What is needed -
Work out how many lines in the entries below contain the string "health". Reply with that figure alone.

:: Working data

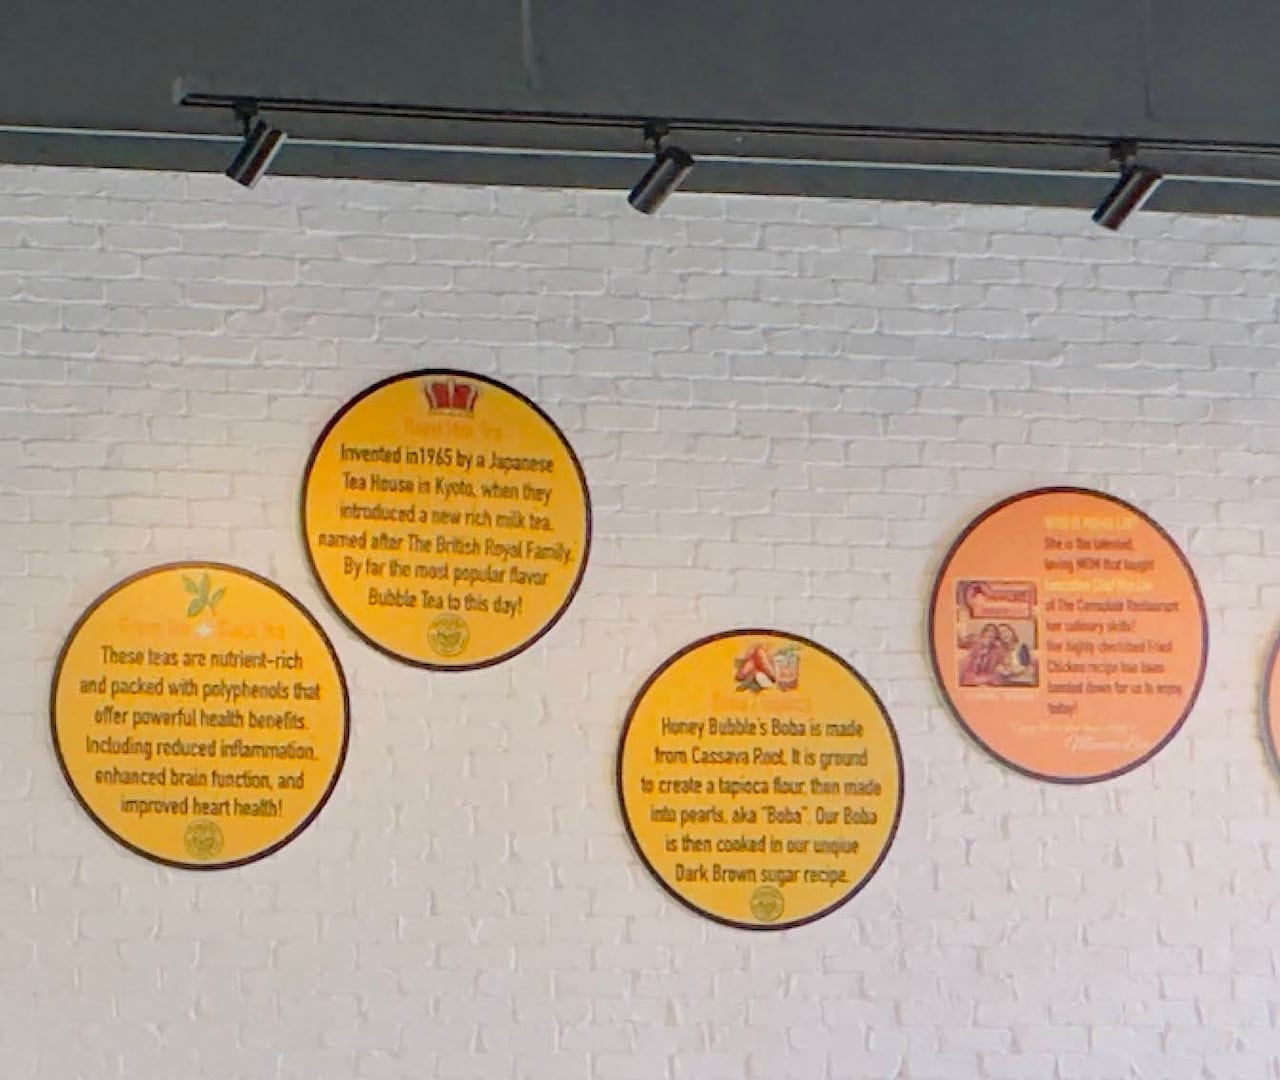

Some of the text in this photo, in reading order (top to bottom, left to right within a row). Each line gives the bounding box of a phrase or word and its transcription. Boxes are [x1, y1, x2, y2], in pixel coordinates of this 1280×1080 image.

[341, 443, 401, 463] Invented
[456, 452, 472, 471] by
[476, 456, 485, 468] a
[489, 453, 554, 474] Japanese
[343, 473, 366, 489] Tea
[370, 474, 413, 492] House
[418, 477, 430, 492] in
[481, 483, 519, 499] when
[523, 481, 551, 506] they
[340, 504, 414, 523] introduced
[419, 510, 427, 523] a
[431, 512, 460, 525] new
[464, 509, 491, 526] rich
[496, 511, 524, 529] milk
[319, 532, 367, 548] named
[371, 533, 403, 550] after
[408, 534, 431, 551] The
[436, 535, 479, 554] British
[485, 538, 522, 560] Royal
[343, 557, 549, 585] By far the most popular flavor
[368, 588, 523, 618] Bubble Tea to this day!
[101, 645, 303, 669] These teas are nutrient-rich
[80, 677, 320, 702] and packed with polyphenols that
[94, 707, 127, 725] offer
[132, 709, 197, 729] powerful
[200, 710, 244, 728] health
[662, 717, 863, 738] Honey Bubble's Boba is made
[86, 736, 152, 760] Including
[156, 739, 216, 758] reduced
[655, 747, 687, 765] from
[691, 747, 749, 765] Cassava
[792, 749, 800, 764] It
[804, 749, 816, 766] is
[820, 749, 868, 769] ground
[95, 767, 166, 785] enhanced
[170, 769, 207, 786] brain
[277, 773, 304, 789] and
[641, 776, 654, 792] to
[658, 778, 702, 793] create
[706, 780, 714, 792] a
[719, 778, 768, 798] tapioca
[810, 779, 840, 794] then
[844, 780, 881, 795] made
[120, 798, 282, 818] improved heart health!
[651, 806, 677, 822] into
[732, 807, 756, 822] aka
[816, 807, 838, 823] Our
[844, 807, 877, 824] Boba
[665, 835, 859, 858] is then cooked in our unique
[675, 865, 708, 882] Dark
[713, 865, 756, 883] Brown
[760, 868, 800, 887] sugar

::::

Finished task -
2